Task requirements » Write out again, exactly as they stand, the line that includes "this 1920×1279 image." and all remaining lines of the entries.

Stored data »
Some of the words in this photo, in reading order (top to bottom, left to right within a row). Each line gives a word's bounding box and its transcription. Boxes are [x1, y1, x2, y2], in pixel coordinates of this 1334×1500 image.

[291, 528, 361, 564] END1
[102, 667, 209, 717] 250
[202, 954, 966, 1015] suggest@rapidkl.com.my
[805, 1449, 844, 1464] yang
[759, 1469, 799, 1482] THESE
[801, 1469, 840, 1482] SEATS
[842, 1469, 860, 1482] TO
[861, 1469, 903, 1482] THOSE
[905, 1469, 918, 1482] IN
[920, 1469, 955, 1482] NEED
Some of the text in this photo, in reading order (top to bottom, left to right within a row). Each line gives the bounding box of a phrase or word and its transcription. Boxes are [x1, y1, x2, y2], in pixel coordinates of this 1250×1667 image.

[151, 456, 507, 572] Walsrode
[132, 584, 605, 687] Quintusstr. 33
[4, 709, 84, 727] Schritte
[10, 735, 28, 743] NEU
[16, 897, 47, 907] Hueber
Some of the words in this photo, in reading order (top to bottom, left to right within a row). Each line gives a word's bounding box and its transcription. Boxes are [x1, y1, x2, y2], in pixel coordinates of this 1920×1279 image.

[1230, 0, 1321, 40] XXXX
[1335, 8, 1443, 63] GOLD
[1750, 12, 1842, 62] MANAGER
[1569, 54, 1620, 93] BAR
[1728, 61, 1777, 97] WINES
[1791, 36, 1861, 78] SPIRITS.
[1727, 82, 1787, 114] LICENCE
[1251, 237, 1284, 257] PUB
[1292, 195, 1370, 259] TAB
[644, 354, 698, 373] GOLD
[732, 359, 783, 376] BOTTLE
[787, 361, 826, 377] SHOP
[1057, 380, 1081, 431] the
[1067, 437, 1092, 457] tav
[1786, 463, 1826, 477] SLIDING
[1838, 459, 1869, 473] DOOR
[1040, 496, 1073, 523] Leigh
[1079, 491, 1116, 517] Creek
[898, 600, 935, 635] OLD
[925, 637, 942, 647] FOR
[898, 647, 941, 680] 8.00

Finished task »
Some of the words in this photo, in reading order (top to bottom, left to right within a row). Each line gives a word's bounding box and its transcription. Boxes are [x1, y1, x2, y2], in pixel coordinates of this 1920×1279 image.

[1230, 0, 1321, 40] XXXX
[1335, 8, 1443, 63] GOLD
[1750, 12, 1842, 62] MANAGER
[1569, 54, 1620, 93] BAR
[1728, 61, 1777, 97] WINES
[1791, 36, 1861, 78] SPIRITS.
[1727, 82, 1787, 114] LICENCE
[1251, 237, 1284, 257] PUB
[1292, 195, 1370, 259] TAB
[644, 354, 698, 373] GOLD
[732, 359, 783, 376] BOTTLE
[787, 361, 826, 377] SHOP
[1057, 380, 1081, 431] the
[1067, 437, 1092, 457] tav
[1786, 463, 1826, 477] SLIDING
[1838, 459, 1869, 473] DOOR
[1040, 496, 1073, 523] Leigh
[1079, 491, 1116, 517] Creek
[898, 600, 935, 635] OLD
[925, 637, 942, 647] FOR
[898, 647, 941, 680] 8.00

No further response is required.